RORO is one of the great headaches of the currency trader’s existence. Short for “risk on/risk off,” RORO has been the most powerful influence on foreign exchange in the past few years. The idea: When market participants are confident in the economic outlook, they take on risk by piling into currencies like the Indonesian rupiah and the Brazilian real. When confidence ebbs or a crisis hits, they rush to shed risk, seeking safe havens like the U.S. dollar.
“It’s almost as if the market is being bipolar,” says Mark McDonald, a London-based quantitative foreign exchange strategist at HSBC Holdings. “It’s extremely hard to consider currencies without taking this force into account.” In the old days, McDonald explains, traders would try to come up with models for valuing currencies based on interest rate differentials and other macro factors. But now when risk is off, investors sell everything from Brazil to Hungary, regardless of the fundamentals.
Ilan Solot, an emerging-markets currency strategist at Brown Brothers Harriman & Co. in London, says the strategy is less about individual currencies than about perceived risk. In risk-off mode investors dump all of their riskier assets, no matter where those assets are located. That goes for equities as well as currencies, Solot says.
How to tell when risk is on or off? McDonald says every trader gauges whether investors think that things are getting better — in which case risk is on — or whether they think the financial crisis will continue. Lately, all it takes to trigger a wave of selling around the world is a report from Athens saying the prime minister is considering a referendum on budget cuts.
HSBC has a group that tracks RORO. In early January the bank’s RORO Index of 34 assets hit the highest level since its November 2010 launch. When the index surges, assets are highly correlated; investors can use that information to make a RORO trade. But lately, some new wrinkles have profoundly changed currency trading.
The biggest change, according to Jane Foley, a London-based senior currency strategist at Rabobank International: The euro — formerly a leading risk-off trade, along with the U.S. dollar, the Japanese yen and the Swiss franc — no longer counts as a safe haven. That’s because the biggest risk today may be the European debt crisis, which some fear could force a breakup of the single currency. The Swiss franc has lost its risk-off status too since the Swiss National Bank set a floor for the currency’s valuation against the euro.
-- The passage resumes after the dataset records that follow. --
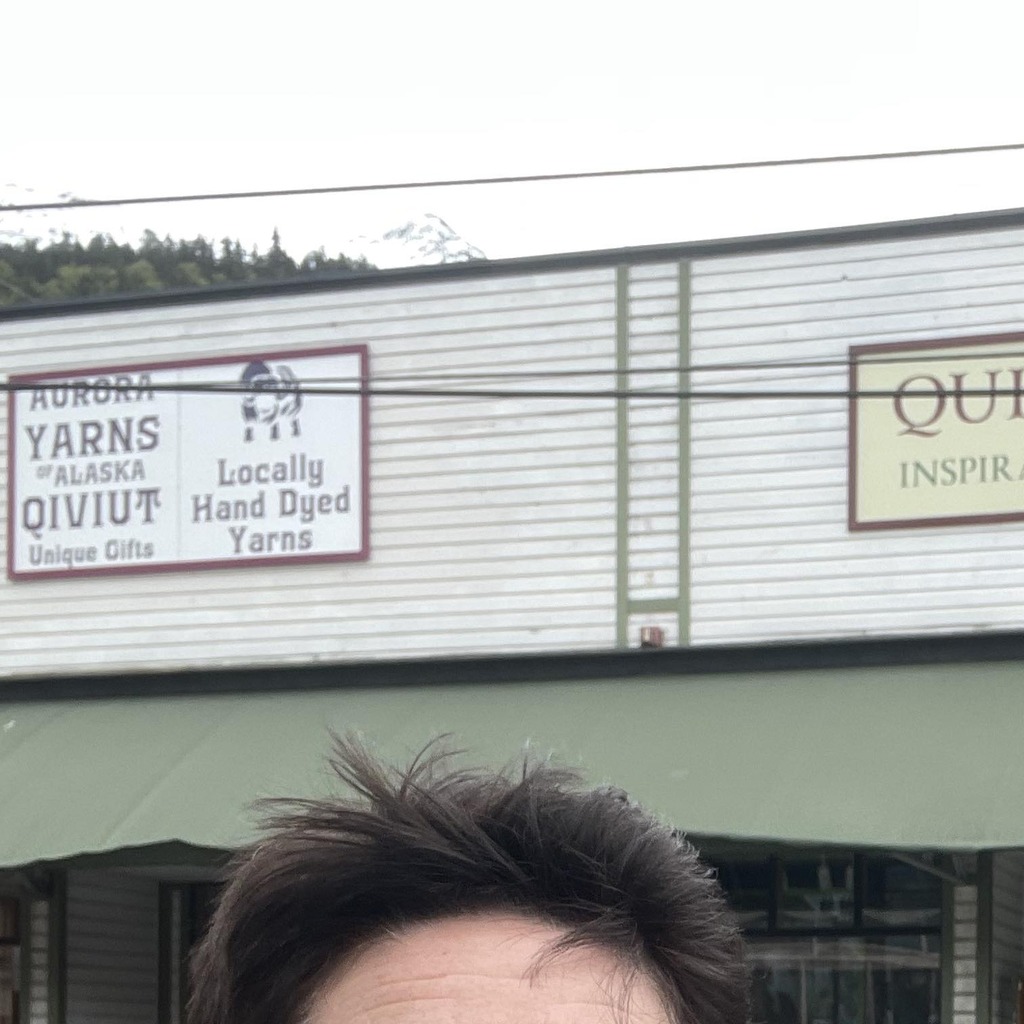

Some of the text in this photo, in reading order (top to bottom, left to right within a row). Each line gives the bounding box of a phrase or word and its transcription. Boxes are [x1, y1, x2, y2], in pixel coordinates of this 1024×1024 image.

[30, 374, 154, 411] AURORA
[25, 415, 161, 460] YARNS
[54, 459, 146, 487] ALASKA
[217, 453, 324, 488] Locally
[23, 487, 161, 539] QIVIUT
[192, 485, 350, 523] Hand Dyed
[29, 538, 154, 569] Unique Gifts
[228, 525, 313, 553] Yarns
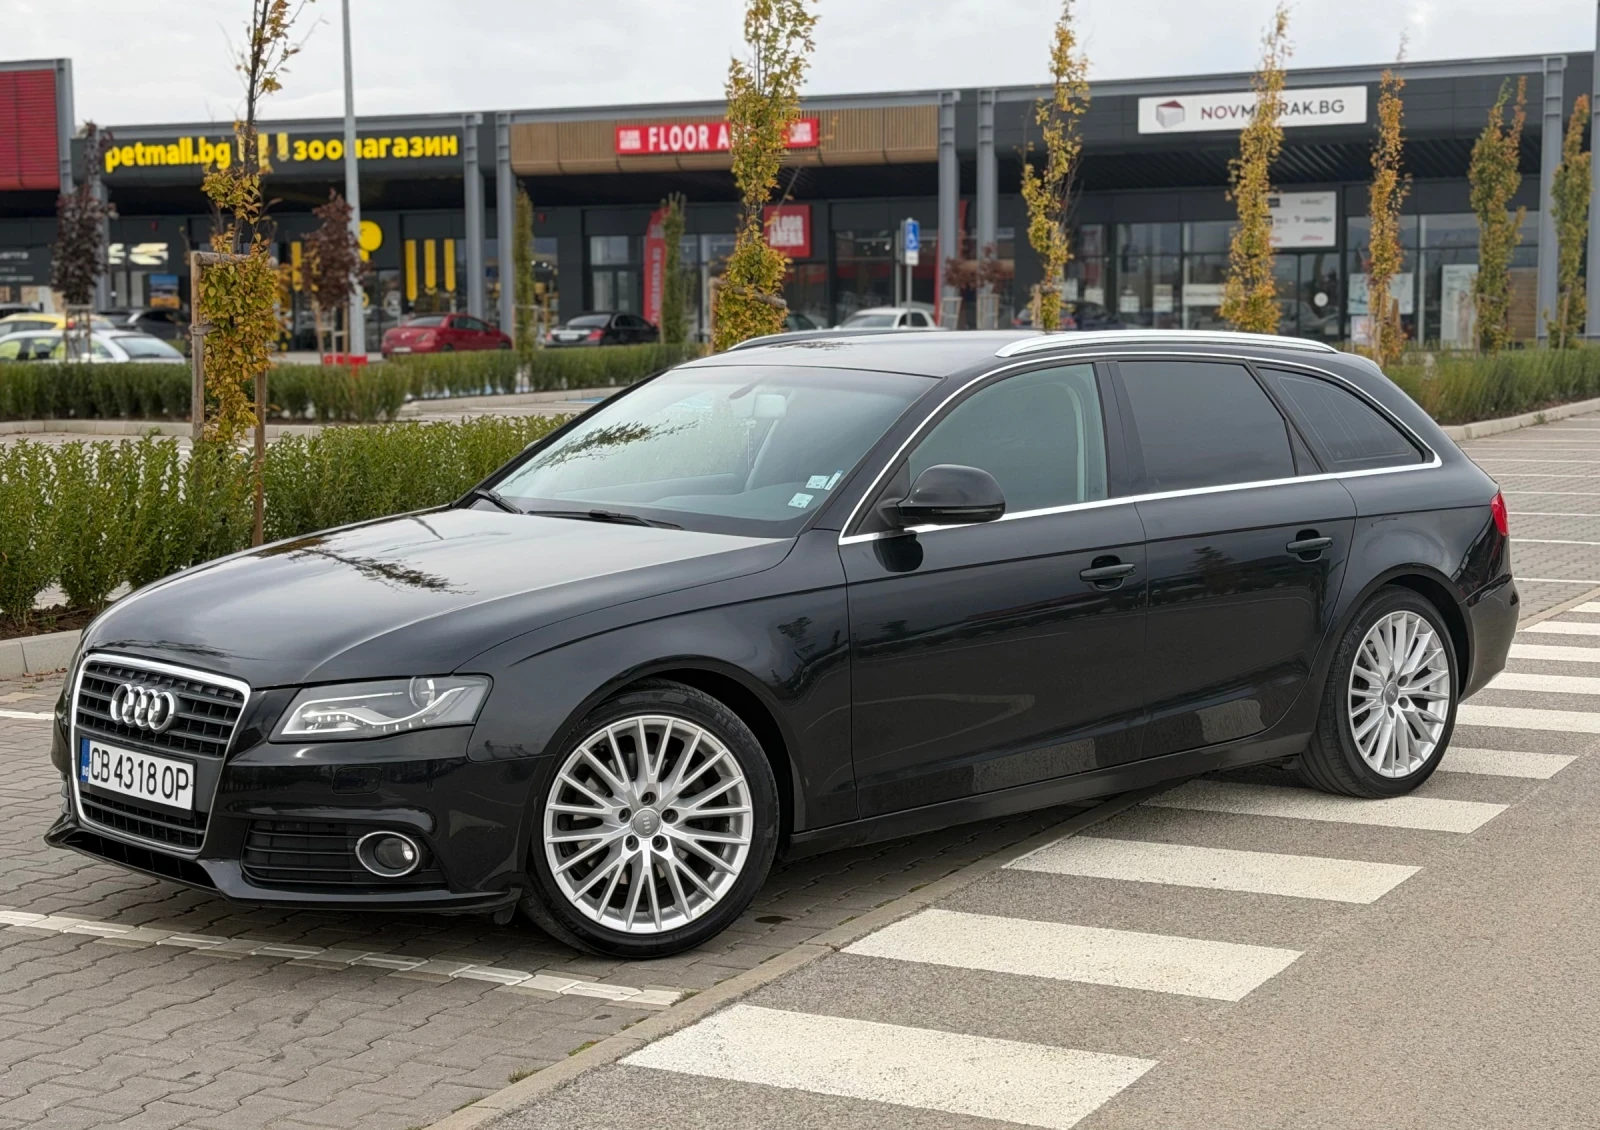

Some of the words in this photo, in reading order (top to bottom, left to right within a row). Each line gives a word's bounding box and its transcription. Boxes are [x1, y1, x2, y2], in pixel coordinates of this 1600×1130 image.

[1201, 100, 1344, 120] NOVMRAK.BG
[649, 126, 709, 151] FLOOR
[105, 136, 231, 173] petmall.bg
[91, 747, 110, 782] CB
[114, 754, 157, 795] 4318
[161, 765, 189, 801] OP
Foley notes that two currencies once regarded as risk-on plays are moving into the risk-off camp. Investors had deemed the Canadian and Australian dollars to be riskier assets because they were so-called commodity currencies, with the loonie dependent on oil and the Aussie beholden to coal and other resources. But as Foley points out, the Canadian dollar is strongly correlated with the greenback and Ottawa’s budget deficit ranks among the lowest in the developed world. Australia is also in good fiscal shape. That means both currencies don’t get sold as much when investors unload riskier assets.
There are basically two ways to do a RORO trade, BBH’s Solot says. One is to stay long risk-off currencies like the U.S. and Singapore dollars. The other, a subtler trade called relative value, plays two risk-on currencies, such as the Turkish lira and the Hungarian forint, against each other. If a trader goes long the lira and short the forint, Solot says, chances are both will rise or fall by an equal amount when risk goes on or off. Consequently, it’s possible to use local fundamentals to construct a relative-value trade. For example, the Polish zloty currently offers stronger fundamentals than the forint, so long zloty–short forint qualifies as a good relative-value trade.
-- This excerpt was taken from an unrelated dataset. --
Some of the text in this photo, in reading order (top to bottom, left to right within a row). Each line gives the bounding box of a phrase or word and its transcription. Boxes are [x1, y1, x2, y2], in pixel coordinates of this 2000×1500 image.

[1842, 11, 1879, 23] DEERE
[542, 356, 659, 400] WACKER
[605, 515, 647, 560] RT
When making a RORO trade, Rabobank’s Foley warns, the top consideration must be a currency’s liquidity. Although the U.S. dollar suffers from lousy fundamentals such as a large current-account deficit, it has vast liquidity. “Without liquidity, you’re stuffed,” Foley says. “You can’t get out of a trade when you want to, and you may take a very large hit before you can get out.”
As the euro zone crisis worsens, Foley is looking to a long U.S. dollar position to keep her in the black. “When things get intense, liquidity is probably the most important factor,” she says.